=== Begin Enclosure ===

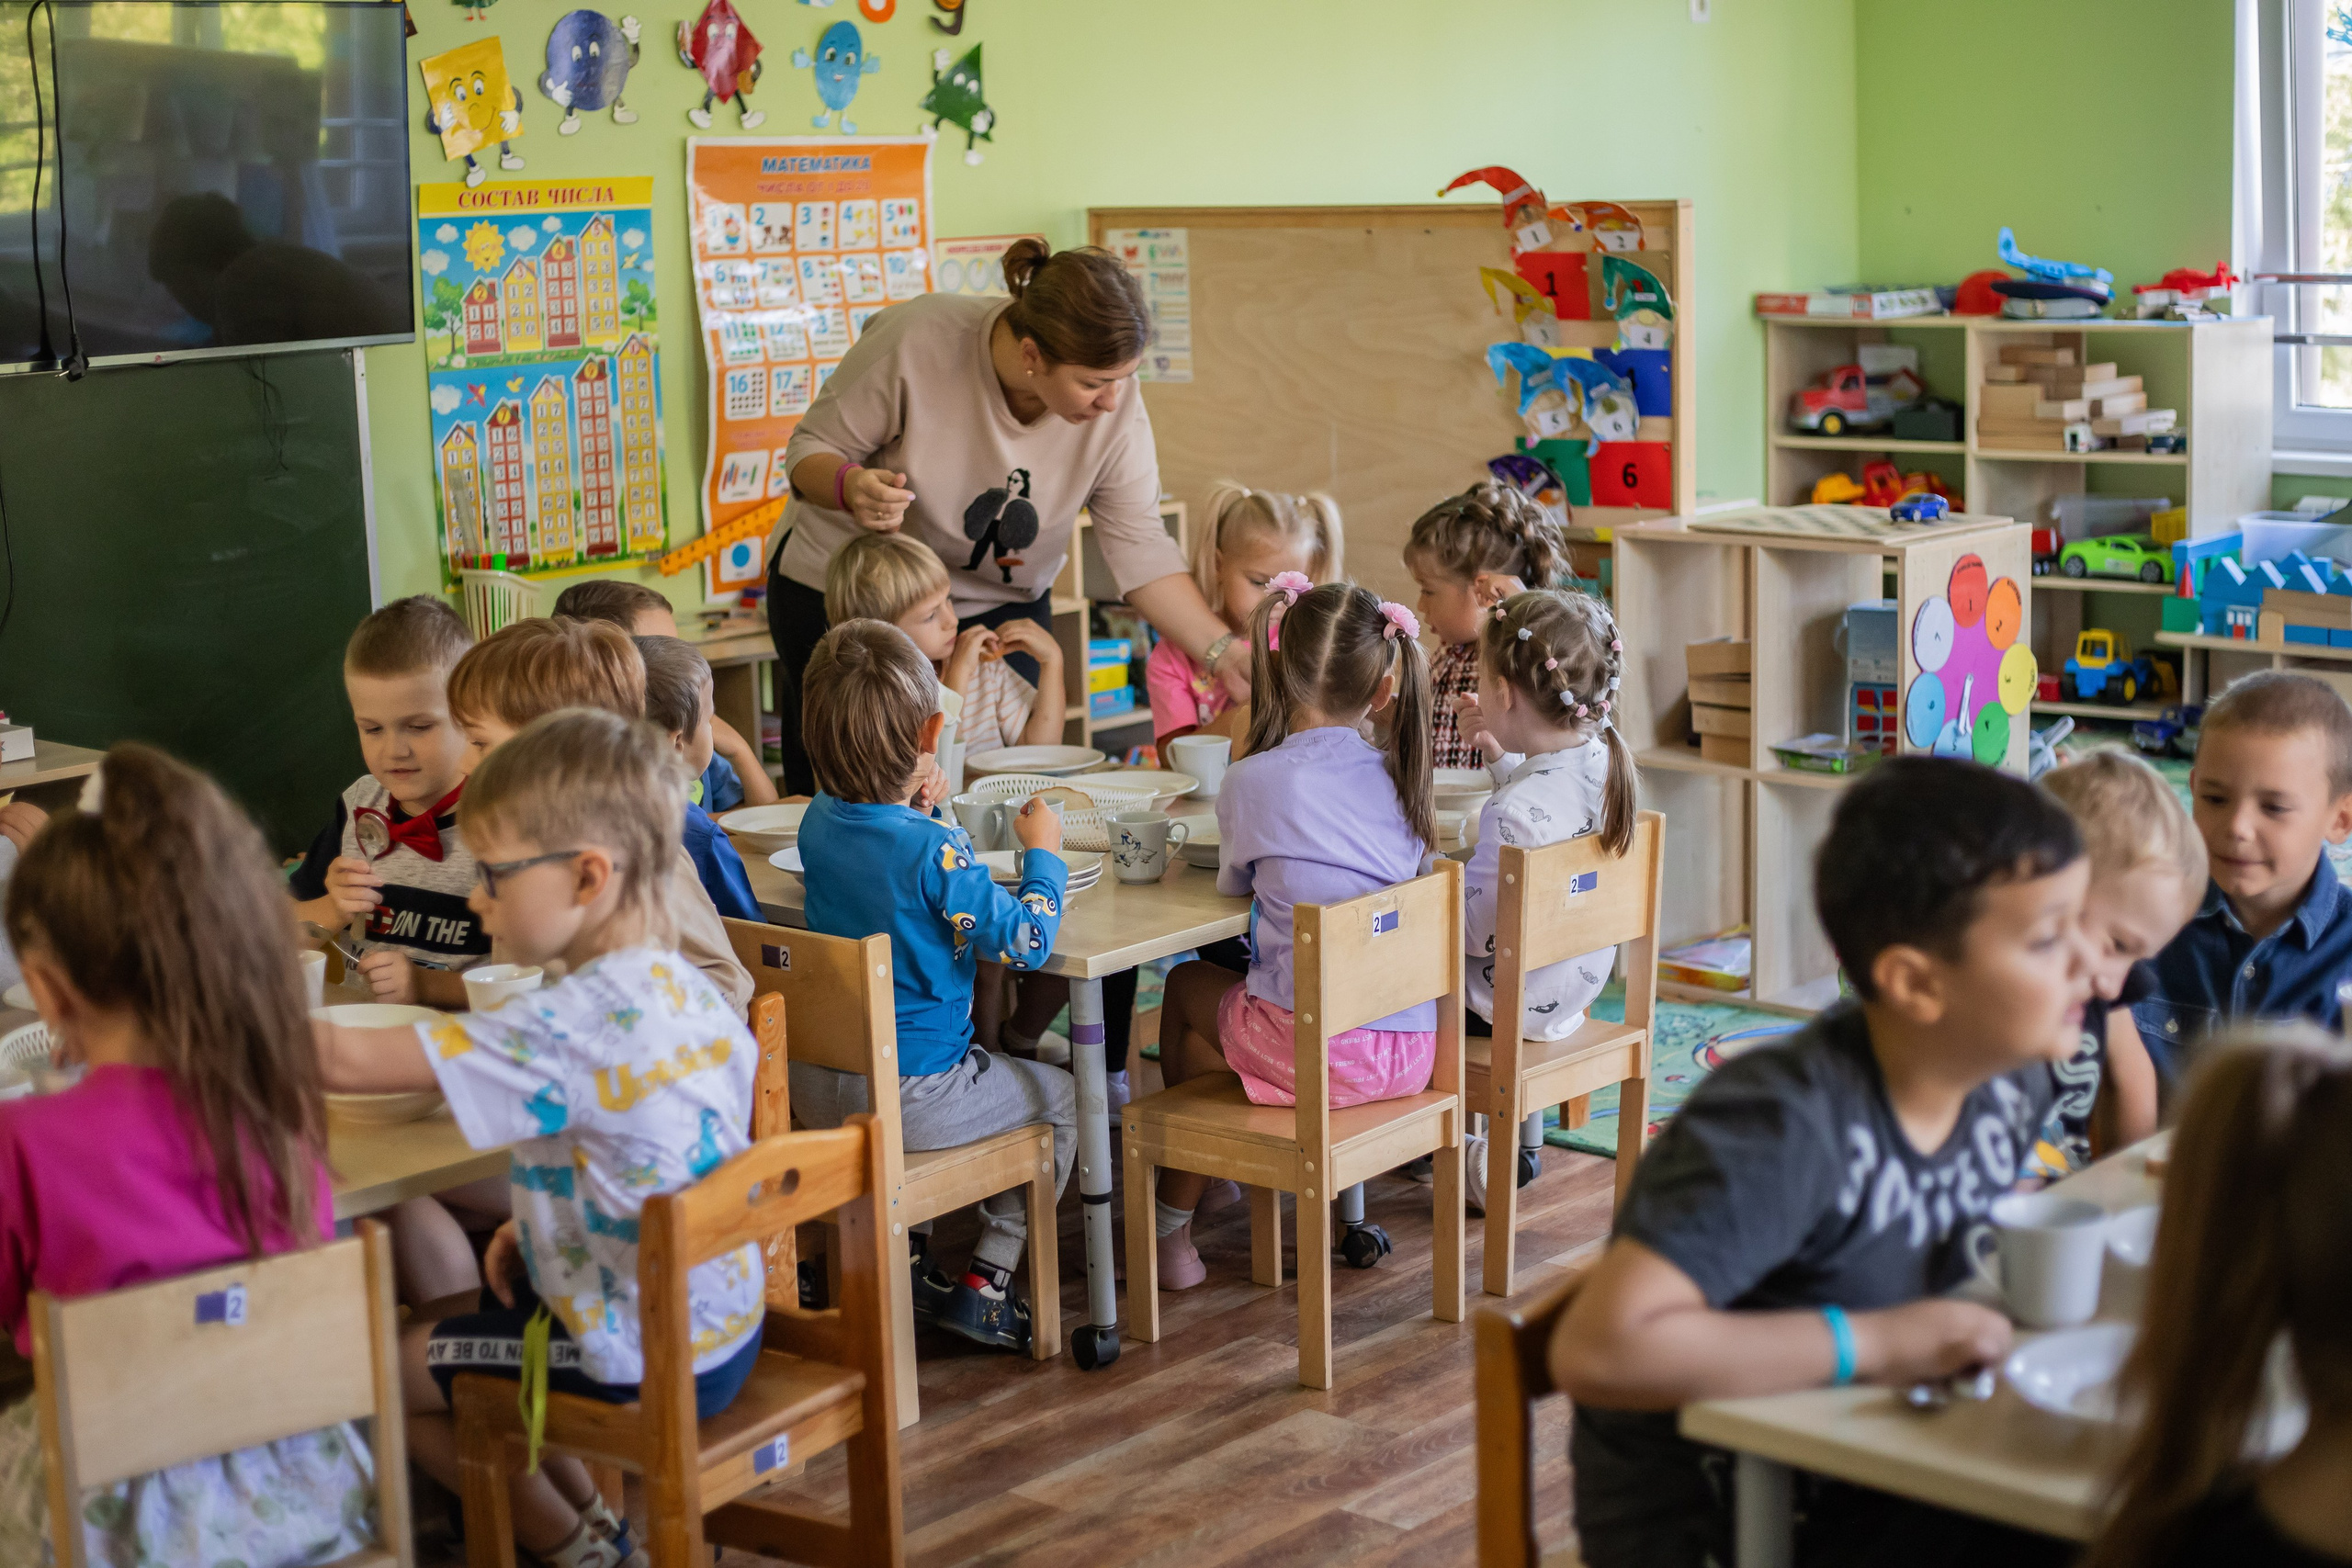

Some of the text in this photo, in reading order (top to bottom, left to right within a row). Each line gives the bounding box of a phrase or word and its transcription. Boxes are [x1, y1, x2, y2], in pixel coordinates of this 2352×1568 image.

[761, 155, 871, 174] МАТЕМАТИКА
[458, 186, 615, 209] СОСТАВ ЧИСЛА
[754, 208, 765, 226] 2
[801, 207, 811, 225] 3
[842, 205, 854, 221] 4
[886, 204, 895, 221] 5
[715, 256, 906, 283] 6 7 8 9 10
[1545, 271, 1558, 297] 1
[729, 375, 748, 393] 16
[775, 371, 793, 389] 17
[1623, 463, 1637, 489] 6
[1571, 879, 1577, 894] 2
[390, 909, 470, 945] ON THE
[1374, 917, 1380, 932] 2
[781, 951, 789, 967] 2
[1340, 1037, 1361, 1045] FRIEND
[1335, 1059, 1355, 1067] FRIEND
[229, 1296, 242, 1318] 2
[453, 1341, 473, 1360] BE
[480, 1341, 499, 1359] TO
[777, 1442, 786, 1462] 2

=== End Enclosure ===

Assignment: All of the entries, apart from the pictures, must be returned exactly.

Result of this task:
Some of the text in this photo, in reading order (top to bottom, left to right within a row). Each line gives the bounding box of a phrase or word and its transcription. Boxes are [x1, y1, x2, y2], in pixel coordinates of this 2352×1568 image.

[761, 155, 871, 174] МАТЕМАТИКА
[458, 186, 615, 209] СОСТАВ ЧИСЛА
[754, 208, 765, 226] 2
[801, 207, 811, 225] 3
[842, 205, 854, 221] 4
[886, 204, 895, 221] 5
[715, 256, 906, 283] 6 7 8 9 10
[1545, 271, 1558, 297] 1
[729, 375, 748, 393] 16
[775, 371, 793, 389] 17
[1623, 463, 1637, 489] 6
[1571, 879, 1577, 894] 2
[390, 909, 470, 945] ON THE
[1374, 917, 1380, 932] 2
[781, 951, 789, 967] 2
[1340, 1037, 1361, 1045] FRIEND
[1335, 1059, 1355, 1067] FRIEND
[229, 1296, 242, 1318] 2
[453, 1341, 473, 1360] BE
[480, 1341, 499, 1359] TO
[777, 1442, 786, 1462] 2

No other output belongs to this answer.